• INFORMATION PROVIDED
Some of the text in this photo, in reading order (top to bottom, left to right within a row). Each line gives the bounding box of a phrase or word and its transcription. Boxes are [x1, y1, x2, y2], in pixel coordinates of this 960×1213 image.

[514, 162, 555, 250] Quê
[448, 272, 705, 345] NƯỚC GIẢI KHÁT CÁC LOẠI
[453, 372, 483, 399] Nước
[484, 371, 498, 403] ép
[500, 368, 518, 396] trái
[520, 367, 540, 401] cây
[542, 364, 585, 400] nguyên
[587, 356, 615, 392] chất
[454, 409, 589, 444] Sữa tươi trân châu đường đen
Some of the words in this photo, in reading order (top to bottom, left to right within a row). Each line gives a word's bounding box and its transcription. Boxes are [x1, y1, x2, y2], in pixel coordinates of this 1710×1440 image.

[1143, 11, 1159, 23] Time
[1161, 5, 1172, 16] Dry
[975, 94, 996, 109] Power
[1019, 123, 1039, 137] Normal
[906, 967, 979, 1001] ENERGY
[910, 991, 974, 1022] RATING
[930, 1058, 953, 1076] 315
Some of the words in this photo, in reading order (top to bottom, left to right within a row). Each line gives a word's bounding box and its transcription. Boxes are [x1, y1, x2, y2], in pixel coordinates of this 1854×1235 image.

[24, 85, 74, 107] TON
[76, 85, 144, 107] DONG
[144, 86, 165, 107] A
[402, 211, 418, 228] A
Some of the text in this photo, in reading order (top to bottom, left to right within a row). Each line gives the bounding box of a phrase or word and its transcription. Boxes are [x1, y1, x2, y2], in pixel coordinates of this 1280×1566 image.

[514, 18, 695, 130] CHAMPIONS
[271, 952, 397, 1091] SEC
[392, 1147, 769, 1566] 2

• PROBLEM
Reproduce verbatim only the lines from the one holding "this 1280×1566 image." through the end of the records.

• SOLUTION FOR THIS PROBLEM
Some of the text in this photo, in reading order (top to bottom, left to right within a row). Each line gives the bounding box of a phrase or word and its transcription. Boxes are [x1, y1, x2, y2], in pixel coordinates of this 1280×1566 image.

[514, 18, 695, 130] CHAMPIONS
[271, 952, 397, 1091] SEC
[392, 1147, 769, 1566] 2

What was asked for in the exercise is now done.